Parole chiave. Processo decisionale condiviso | empowerment | partecipazione del paziente | servizi sanitari | economia sanitaria.


INTRODUZIONE
Il settore sanitario è probabilmente il più importante settore economico di largo consumo di beni e servizi caratterizzato dalla complessità, dall’incertezza, dall’asimmetria informativa, dalla qualità poco misurabile, dai conflitti di interesse, dall’inflazione tecnologica nonché dalla opacità e dalla variabilità delle decisioni medico-cliniche, fattori questi alla base della sovra e/o sotto medicalizzazione del paziente quindi dell’inappropriatezza della prescrizione di prestazioni medico-sanitarie.
Da qui una spinta sociale significativa auspica, tramite l’utilizzo degli strumenti della ricerca clinica, dell’epidemiologia e della sanità pubblica, che la relazione clinica individuale tra un paziente e un medico sia fondata sul cosiddetto “processo decisionale condiviso” (shared decision making) in vista della gestione o della risoluzione di un dato problema individuale di salute1,2.
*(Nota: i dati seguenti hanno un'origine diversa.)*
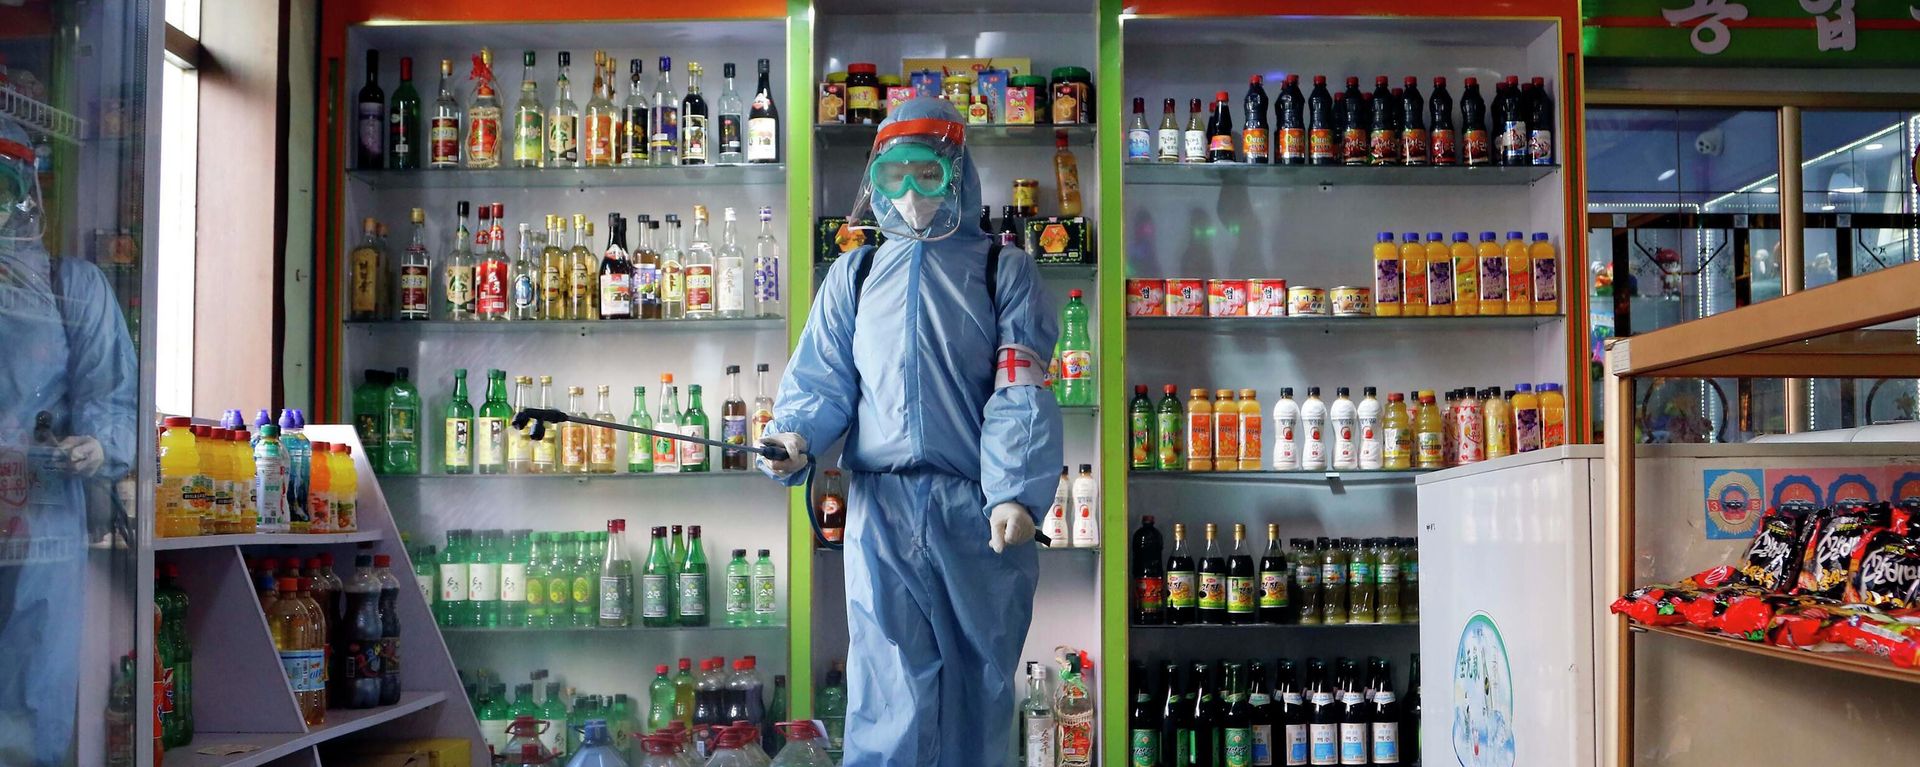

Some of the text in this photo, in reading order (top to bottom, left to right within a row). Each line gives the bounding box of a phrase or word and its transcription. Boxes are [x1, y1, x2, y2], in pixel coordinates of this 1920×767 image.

[605, 592, 619, 600] 소주
[646, 591, 661, 600] 소주
[684, 589, 698, 598] 소주
[733, 588, 746, 596] 소주
[760, 588, 774, 596] 소주
D’altro canto la non controllabilità della crescita della spesa sanitaria che mina a livello collettivo la sostenibilità economica dei sistemi di salute cosiddetti “universali” è alla base dell’implementazione, a livello di sistema, di organizzazioni e strumenti, proposti dall’economia sanitaria, che dovrebbero permettere una gestione non inflazionista della domanda collettiva di cure e prestazioni.
La riflessione qui proposta analizza questi due aspetti: il “processo decisionale condiviso” e il ricorso a strumenti economici per gestire la domanda collettiva. In particolare l’articolo si pone la domanda se essi contribuiscano all’empowerment individuale del paziente e collettivo del cittadino-utente-consumatore.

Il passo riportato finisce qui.